Shyamaprasad's film offers a raw slice straight out of life, all red and coarse and sans all the garnishing. It's difficult to look at, but the more you do, the more you find yourself drawn into this terrifying and truly tragic drama that is emotionally appalling and quite severe. There is an almost deliberate abstinence from the use of vibrant shades in the film, and often switching between brown and grey hues, the deconstruction is visually sustained and the volatility of adherence further emphasized.
Nayantara as Electra cautiously combines the right amount of hurt and respite into her portrayal of the embittered daughter of the house, who would stop at nothing until she has clawed out the last drop of her mother's blood. She has quite a potent contender in Manisha Koirala who plays Diana, and who through a remarkable performance rules the stage even as the spotlight shines on Electra. The supporting cast that has such names as Prakashraj, Skanda, Sruthi Menon and Biju Menon, is simply brilliant as well.

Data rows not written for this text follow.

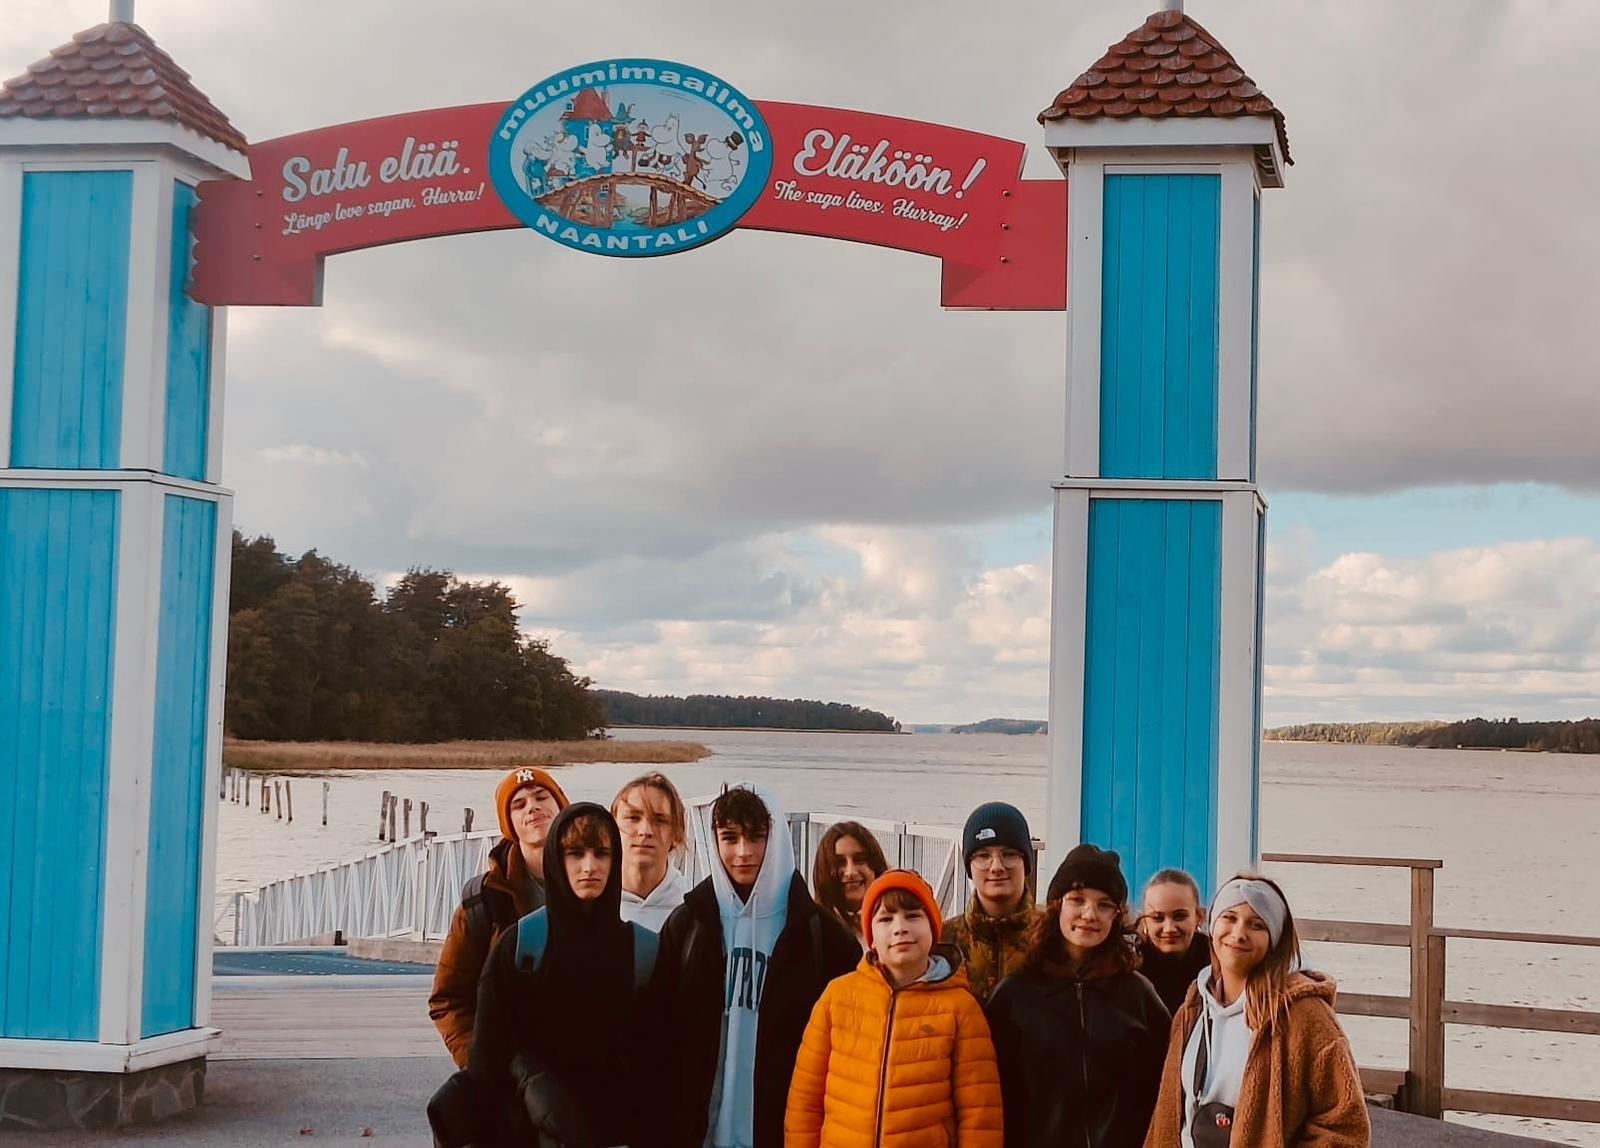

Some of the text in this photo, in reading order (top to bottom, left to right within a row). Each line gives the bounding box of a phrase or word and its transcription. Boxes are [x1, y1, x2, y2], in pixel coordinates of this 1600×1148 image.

[499, 63, 763, 153] muumimaailma
[282, 136, 471, 202] Satu elää.
[335, 202, 366, 221] leve
[421, 182, 485, 206] Hurra!
[774, 180, 969, 231] The saga lives. Hurray!
[536, 213, 709, 250] NAANTALI

The irreconcilable and contradictory meanings that could be read into Electra are bound to confound the viewer and the interpretations that are drawn should be dissimilar. The blood stained mythology is transformed in Shyamaprasad's film into an annular drama to probe into questions of certainty, identity, and truth. Hence, the intriguing equations that it sketches down in the course of this rich character study ultimately become a deliberation on the quirks and whims of the human heart.